Work order
Only the text of the records below belongs in the answer, copied exactly, with pictures omitted.

Referring expression grounding data
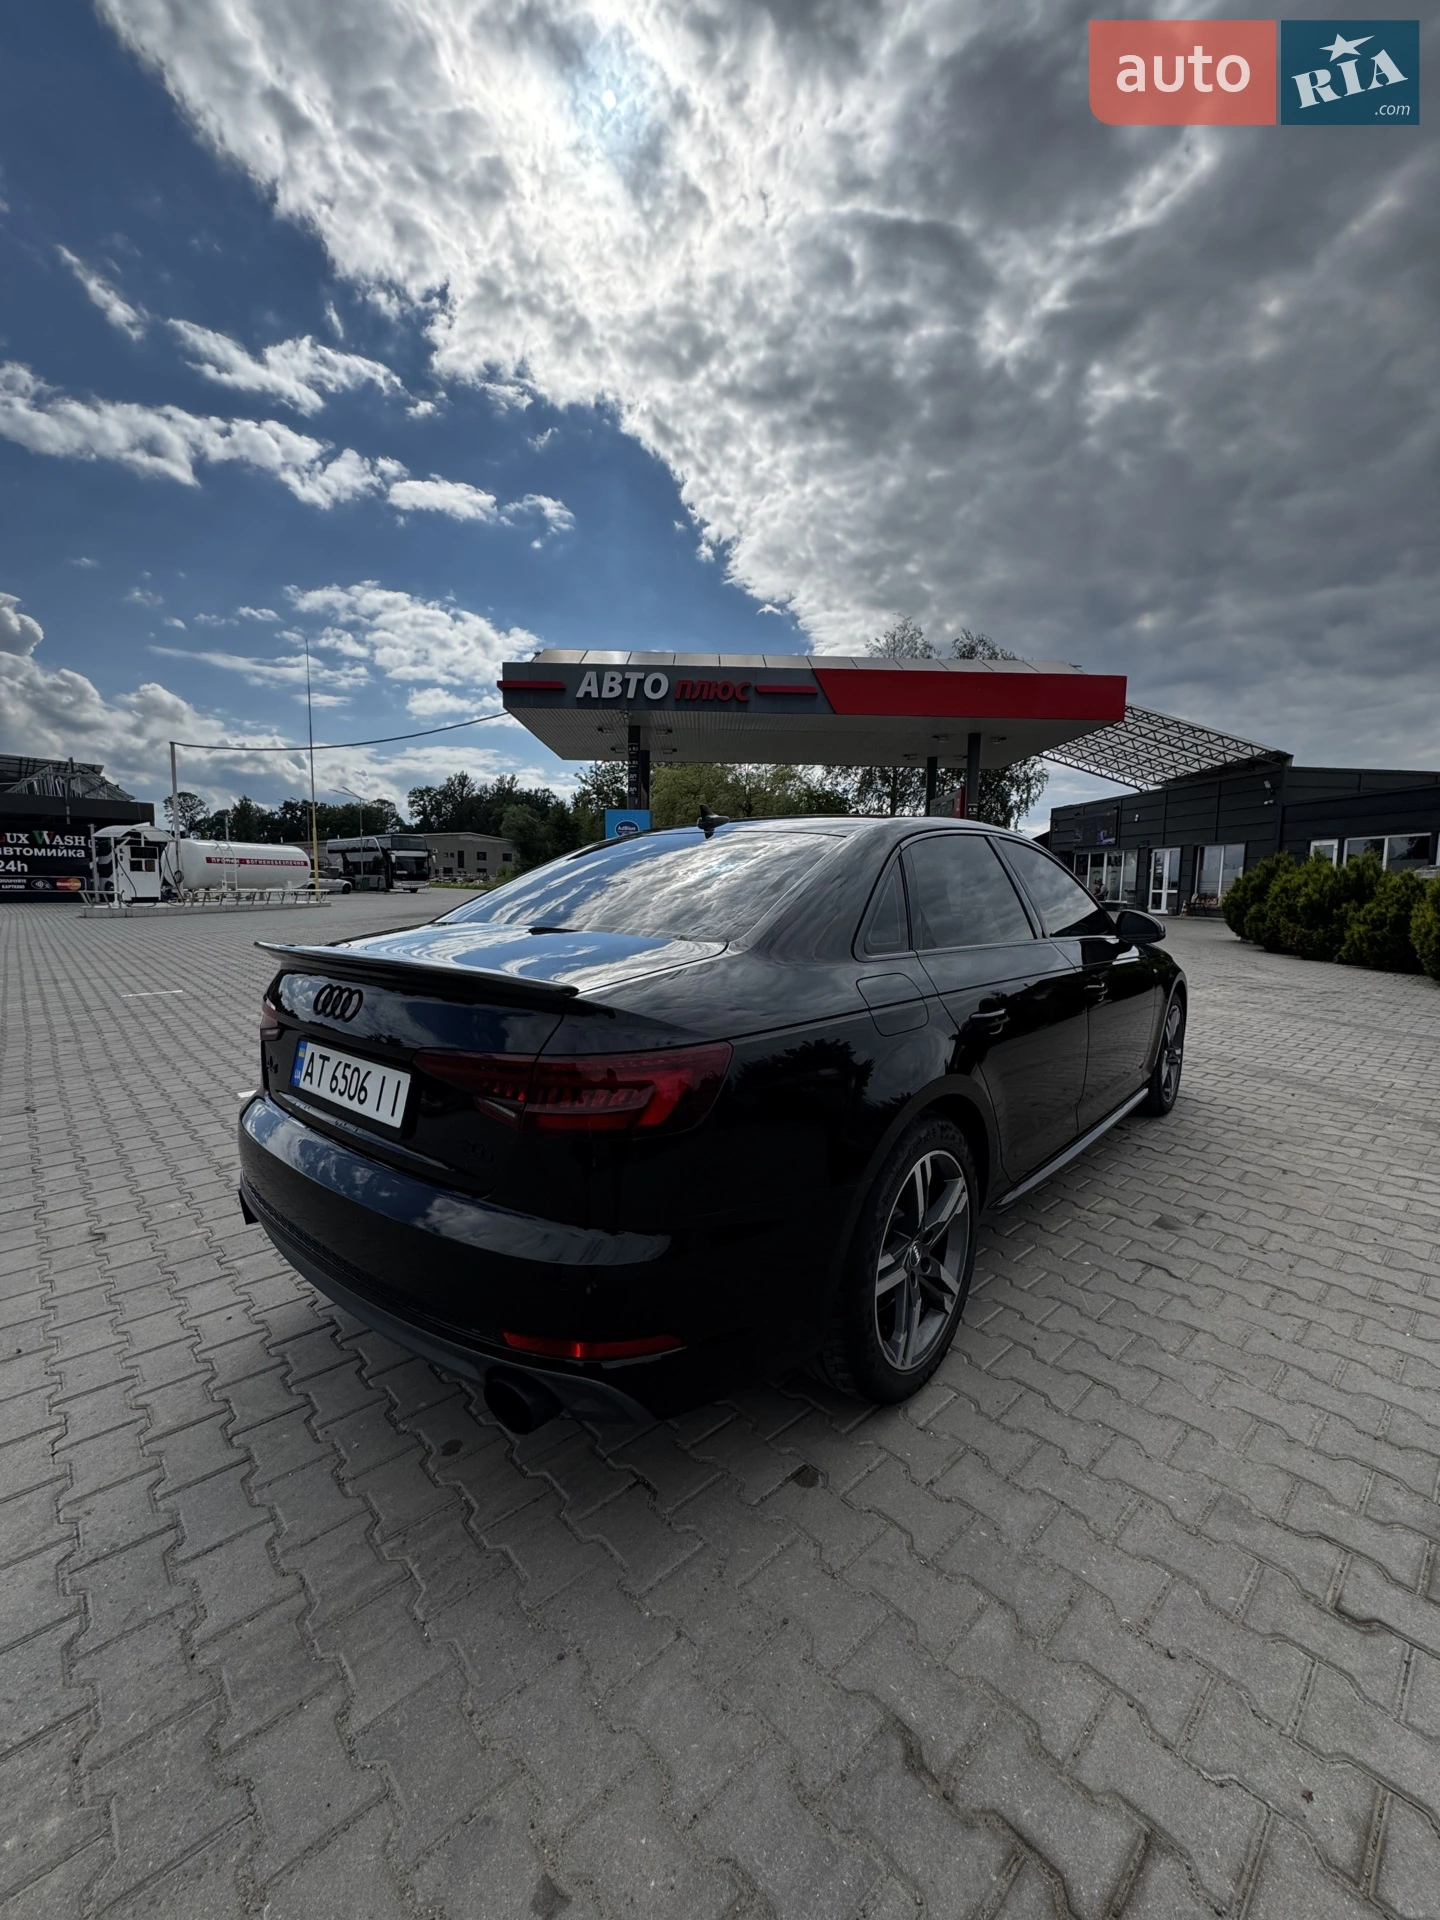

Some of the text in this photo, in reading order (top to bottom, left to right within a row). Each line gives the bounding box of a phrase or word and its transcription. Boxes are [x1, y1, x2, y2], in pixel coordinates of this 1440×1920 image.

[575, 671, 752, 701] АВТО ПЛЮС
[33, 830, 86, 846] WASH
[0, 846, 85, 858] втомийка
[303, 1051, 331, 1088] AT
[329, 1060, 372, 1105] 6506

Answer for this exercise
Some of the text in this photo, in reading order (top to bottom, left to right within a row). Each line gives the bounding box of a phrase or word and its transcription. Boxes are [x1, y1, x2, y2], in pixel coordinates of this 1440×1920 image.

[575, 671, 752, 701] АВТО ПЛЮС
[33, 830, 86, 846] WASH
[0, 846, 85, 858] втомийка
[303, 1051, 331, 1088] AT
[329, 1060, 372, 1105] 6506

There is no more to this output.